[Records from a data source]
# # # # # # #
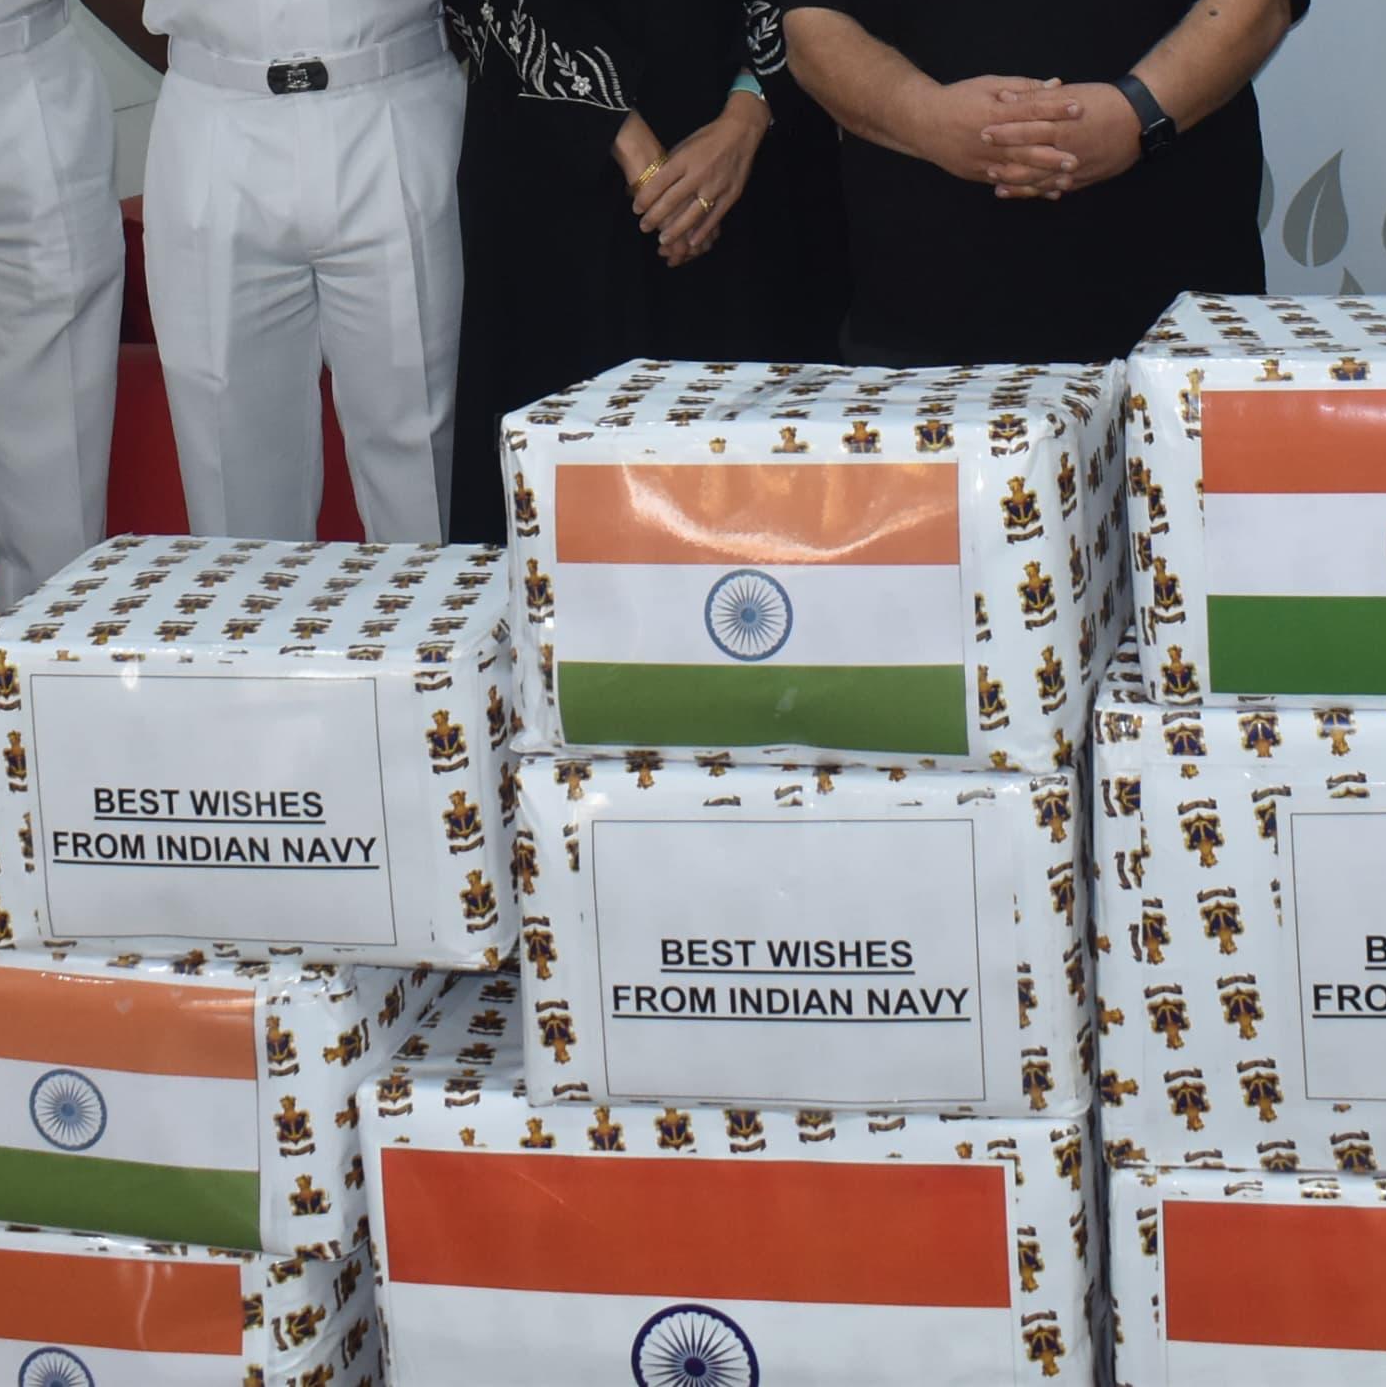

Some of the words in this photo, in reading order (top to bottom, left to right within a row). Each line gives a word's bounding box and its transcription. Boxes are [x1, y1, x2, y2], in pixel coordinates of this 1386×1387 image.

[94, 787, 180, 815] BEST
[190, 790, 324, 818] WISHES
[53, 831, 145, 861] FROM
[156, 834, 270, 864] INDIAN
[283, 837, 377, 864] NAVY
[660, 938, 756, 967] BEST
[767, 939, 913, 968] WISHES
[613, 985, 715, 1013] FROM
[729, 987, 853, 1015] INDIAN
[867, 987, 970, 1015] NAVY
# # # # # # #
_YOUR ASSIGNMENT:_ Write out the entries word for word. Skip the pictures.

_TASK OUTPUT:_
Some of the words in this photo, in reading order (top to bottom, left to right within a row). Each line gives a word's bounding box and its transcription. Boxes are [x1, y1, x2, y2], in pixel coordinates of this 1386×1387 image.

[94, 787, 180, 815] BEST
[190, 790, 324, 818] WISHES
[53, 831, 145, 861] FROM
[156, 834, 270, 864] INDIAN
[283, 837, 377, 864] NAVY
[660, 938, 756, 967] BEST
[767, 939, 913, 968] WISHES
[613, 985, 715, 1013] FROM
[729, 987, 853, 1015] INDIAN
[867, 987, 970, 1015] NAVY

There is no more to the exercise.